Caught up in that delayed fever frenzy was a young Ohio soldier named Edgar Condit. He escaped injury and capture after the Battle of Cross Lanes and fled to Panther Mountain. He and two other soldiers came upon the Renick farm on the mountain and were taken in, fed and hidden in a cave on their property for two weeks (Margaret Grose Renick, who helped the soldiers, was the sister of Caroline Grose Backus, subject of Panther Mountain: Caroline’s Story; her daughter Lydia Renick is the subject of my book-in-progress, Panther Mountain: Lydia’s Story).
Some time after returning to Union headquarters at Gauley Bridge, Condit contracted typhoid fever. Although no hospital records have yet been found, it is likely that he was taken to the U.S. Army Hospital in Gallipolis, OH, a facility that admitted many soldiers from the western Virginia campaign.

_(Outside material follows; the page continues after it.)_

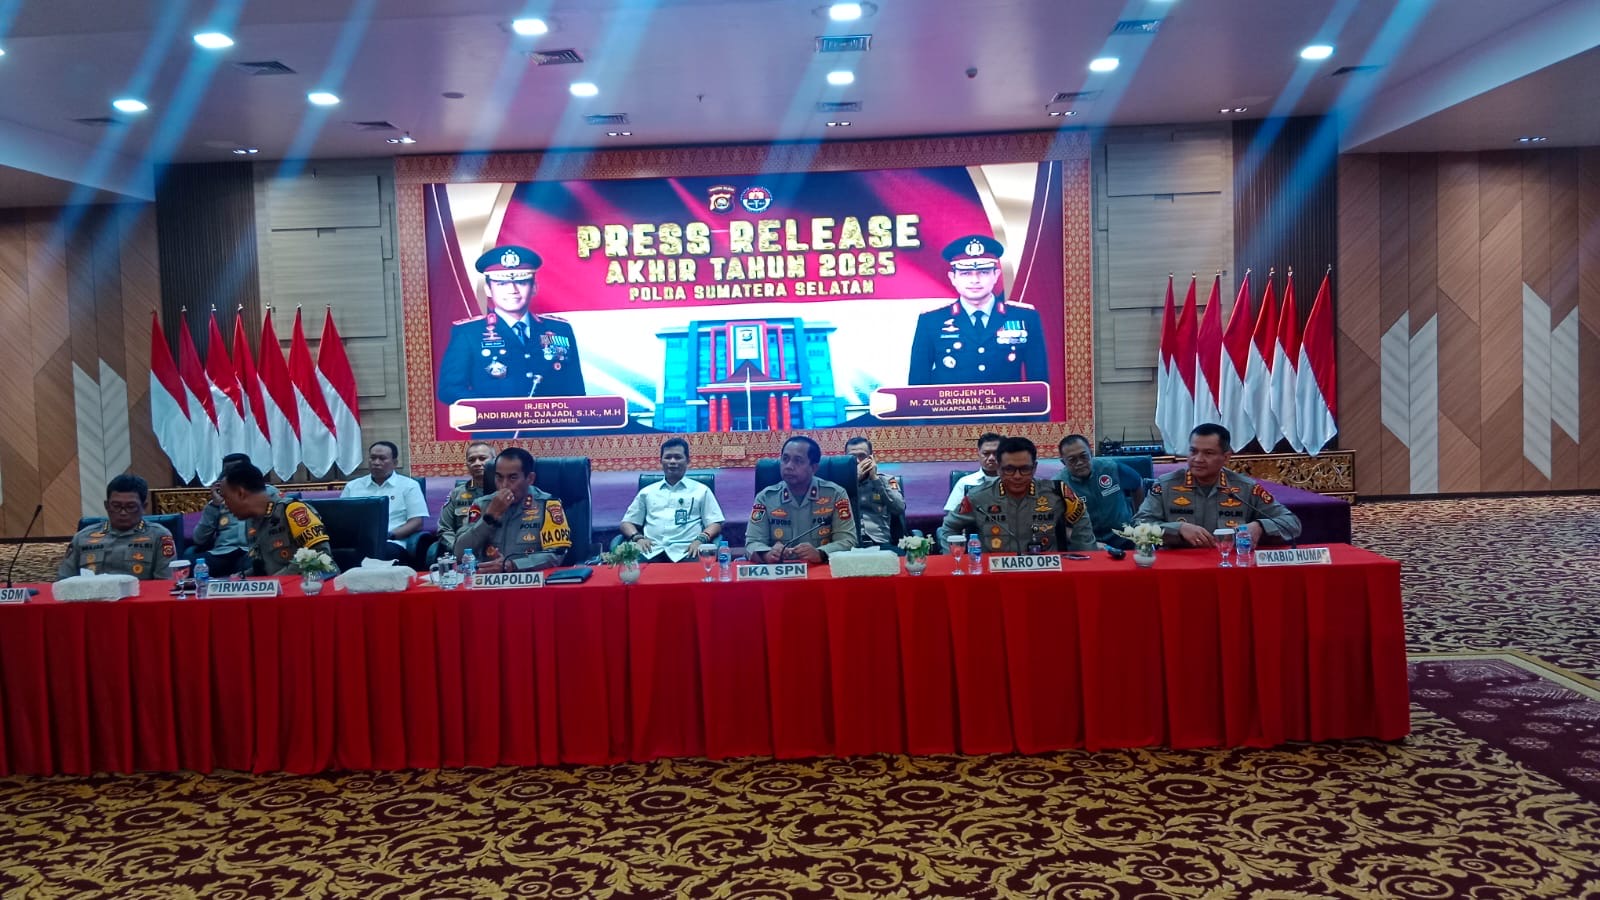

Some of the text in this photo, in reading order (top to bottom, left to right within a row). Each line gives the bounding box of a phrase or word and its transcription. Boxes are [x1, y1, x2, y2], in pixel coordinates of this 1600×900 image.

Edgar struggled to recover from typhoid for many months, and did not rejoin his regiment, the Seventh Ohio Volunteer Infantry, until almost a year after he became ill. He went on to fight at Antietam and the Battle of Dumfries.
Years later, Edgar became a world traveler and wrote a book about his adventures, titled Two Years in Three Continents (Fleming Revell Company, 1904). In the book’s dedication, he thanks two friends whom he credits with saving his life during the Civil War:
“Out of a grateful memory the author desires to dedicate this volume to two friends who materially assisted Providence in saving his life during the Civil War, viz: To Mrs. James A. Renick of Cross Lanes, W.Va., who secreted and fed him in a cave for two weeks and thus saved him from the horrors of a Confederate prison, and to his comrade and “bunkmate,” M.M. Andrews, now of Bay City, Mich., who, at a later period, gave to him not less than a mother’s care and love during a long siege of typhoid fever in an army hospital.”